P. F. : « Nos missions se répartissent entre quatre secteurs d’activité : la santé publique, les soins, la recherche et l’information des publics. La loi nous a fixé huit missions principales, mais la liste n’est pas exhaustive : l’observation et l’évaluation de la lutte contre le cancer ; la définition de bonnes pratiques et des conditions nécessaires à la qualité de la prise en charge des malades ; l’information du public et des professionnels ; la réalisation de toute expertise sur les questions relatives à la cancérologie ; la participation à la formation des professionnels ; la mise en œuvre et le financement d’actions de recherche et de développement en cancérologie ; le développement d’actions communes entre opérateurs publics et privés ; enfin, la participation à des actions européennes et internationales. »
La recherche représente la moitié de votre budget. Comment fonctionnez-vous pour le financement des projets ?
P. F. : « Tout d’abord, il y a une réflexion préalable pour définir les axes prioritaires de la recherche. Ensuite, nous lançons les appels à projets et allouons des fonds aux équipes de recherche qui nous ont soumis les dossiers les plus pertinents. La sélection est drastique : nous ne retenons que 15 à 20 % des projets. Face aux principaux cancers, nous mettons en place des programmes d’actions intégrés de recherche (PAIR) couvrant tous les domaines, de la prévention jusqu’aux soins palliatifs. Les associations caritatives viennent abonder les fonds de l’Inca alloués à la recherche. Par exemple, pour le cancer de la prostate, l’Inca a alloué 2 millions d’euros et les associations cari-tatives (l’ARC et la Ligue contre le cancer) ont ajouté 4 millions d’euros. Comme la grande majorité des projets portent sur quatre ou cinq ans, il s’agit d’engagements assez lourds. »

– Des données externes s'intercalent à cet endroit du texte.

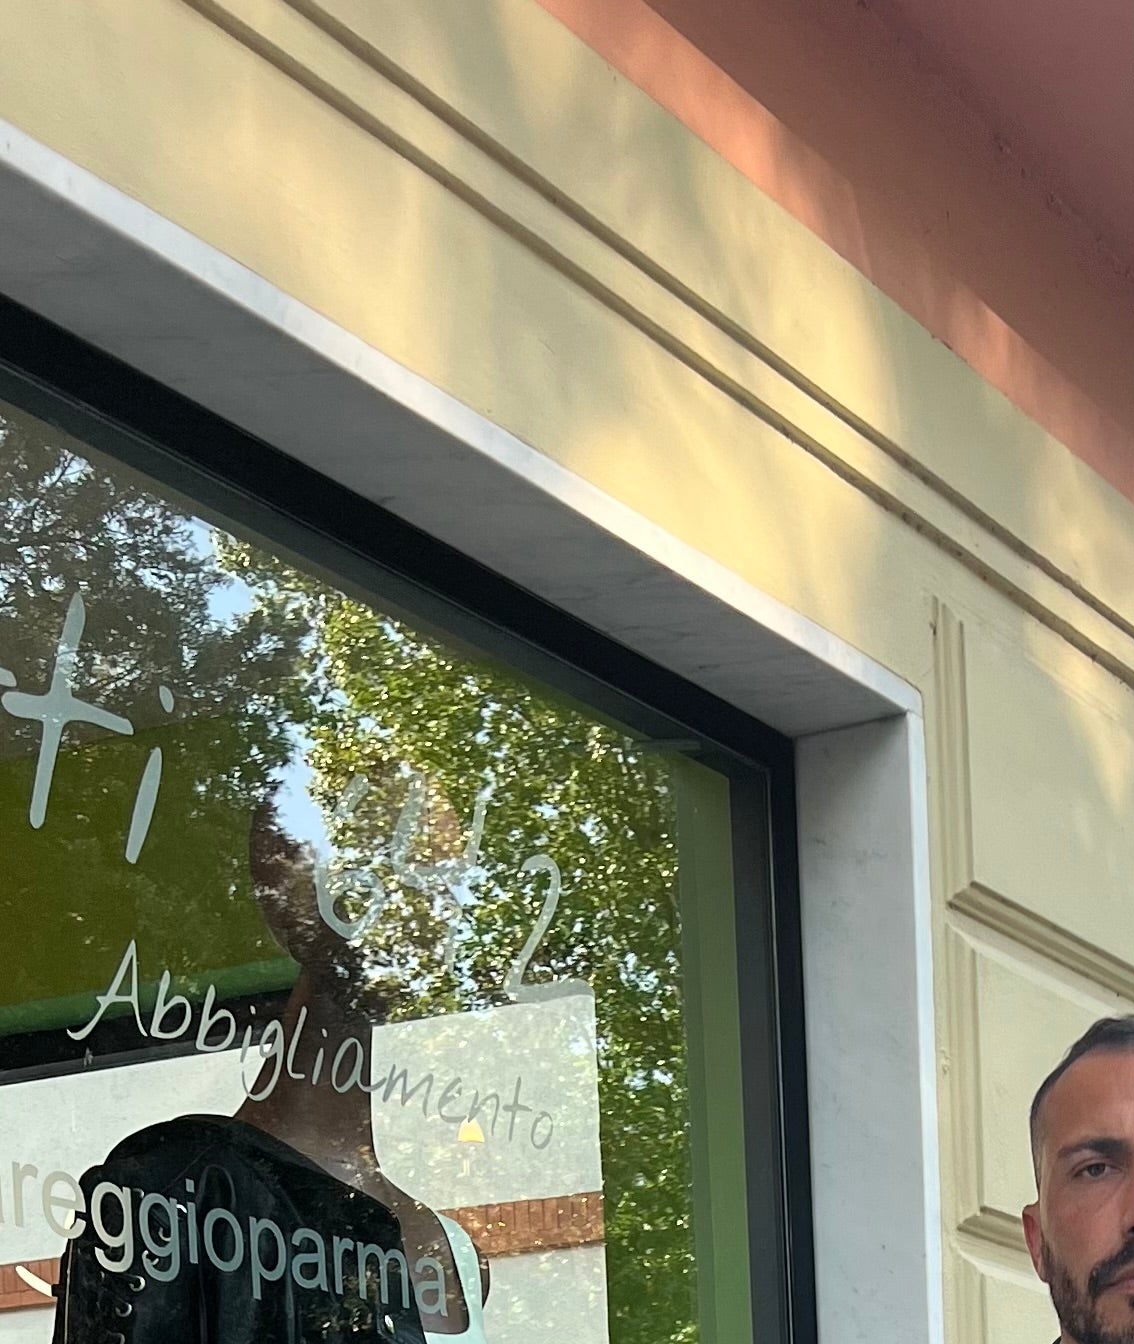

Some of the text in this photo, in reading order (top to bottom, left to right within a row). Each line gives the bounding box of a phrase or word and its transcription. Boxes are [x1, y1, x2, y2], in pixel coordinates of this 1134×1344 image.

[0, 591, 175, 865] ti
[66, 938, 555, 1150] Abbigliamento
[0, 1160, 450, 1318] reggioparma

Qu’en est-il du deuxième plan cancer ?
P. F. : « Après une année 2008 d’évaluation du premier plan par la Cour des comptes, le deuxième plan cancer s’étend sur la période 2009-2013. Il a été élaboré par le professeur Jean-Pierre Grünfeld, médecin néphrologue de l’hôpital Necker à Paris et professeur des universités à l’université de Paris V-René Descartes. Le but de ce deuxième plan est de donner un nouvel élan à la lutte contre le cancer. Afin qu’il puisse avoir un œil sur la mise en place de ses propositions, Jean-Pierre Grünfeld a depuis intégré le conseil d’administration de l’Inca. »
Pour l’information des publics, sur quels cancers mettez-vous l’accent ?
P. F. : « Nous organisons désormais trois campagnes d’information par an : une campagne sur le cancer colorectal en mars, une autre dans treize départements pilotes sur le cancer du col de l’utérus en juin et une sur le cancer du sein en octobre, qui est le mois international de lutte contre ce cancer (« Pink October »). Il faut savoir que ces trois cancers peuvent être dépistés et que le dépistage est généralisé pour le cancer colorectal et le cancer du sein. Les enjeux sont de taille : le premier cancer chez la femme est le cancer du sein avec 50 000 nouveaux cas par an. Le cancer colorectal est le troisième plus répandu et le deuxième plus meurtrier. Bien évidemment, nous informons aussi sur d’autres cancers comme le cancer du poumon, le plus meurtrier (31 000 nouveaux cas par an et plus de 26 000 décès), ou le cancer de la prostate qui est le plus répandu (62 000 nouveaux cas par an). »
Vous êtes en pleine campagne d’information sur le cancer du sein. Comment se déroule le dépistage ?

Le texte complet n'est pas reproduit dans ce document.